Task directions = In duplicating the lines below, keep every word unchanged and drop the pictures.

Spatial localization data

#####

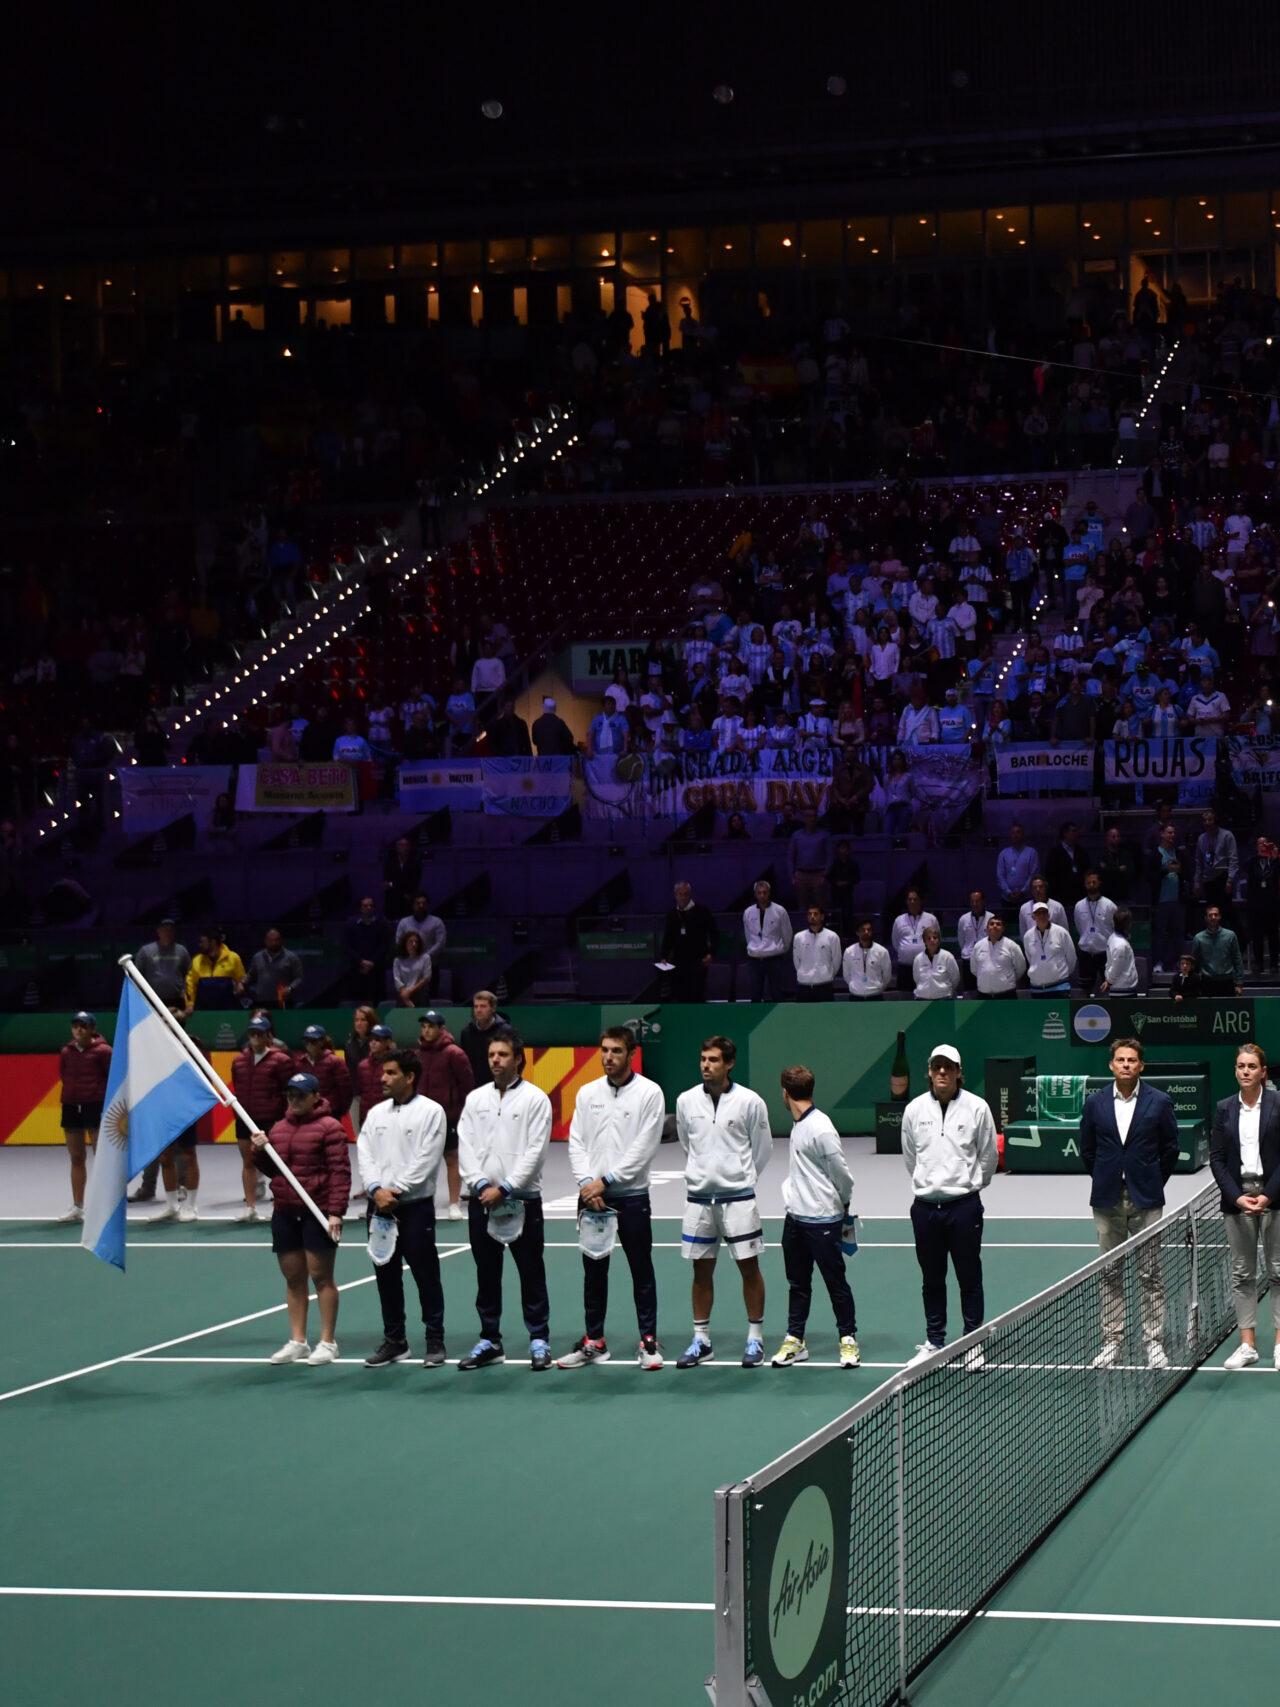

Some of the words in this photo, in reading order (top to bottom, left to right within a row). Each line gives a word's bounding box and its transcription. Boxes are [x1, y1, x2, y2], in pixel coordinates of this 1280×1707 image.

[588, 648, 645, 676] MAR
[1011, 754, 1088, 769] BARILOCHE
[1115, 737, 1207, 778] ROJAS
[260, 768, 300, 786] CASA
[307, 767, 348, 785] BETO
[1147, 1014, 1161, 1025] San
[1162, 1014, 1197, 1025] Cristóbal
[1212, 1010, 1250, 1034] ARG
[1167, 1084, 1197, 1093] Adecco
[1000, 1087, 1009, 1127] APFRE
[1173, 1102, 1197, 1111] decco
[773, 1539, 829, 1638] AirAsia

#####

Exercise answer =
Some of the words in this photo, in reading order (top to bottom, left to right within a row). Each line gives a word's bounding box and its transcription. Boxes are [x1, y1, x2, y2], in pixel coordinates of this 1280×1707 image.

[588, 648, 645, 676] MAR
[1011, 754, 1088, 769] BARILOCHE
[1115, 737, 1207, 778] ROJAS
[260, 768, 300, 786] CASA
[307, 767, 348, 785] BETO
[1147, 1014, 1161, 1025] San
[1162, 1014, 1197, 1025] Cristóbal
[1212, 1010, 1250, 1034] ARG
[1167, 1084, 1197, 1093] Adecco
[1000, 1087, 1009, 1127] APFRE
[1173, 1102, 1197, 1111] decco
[773, 1539, 829, 1638] AirAsia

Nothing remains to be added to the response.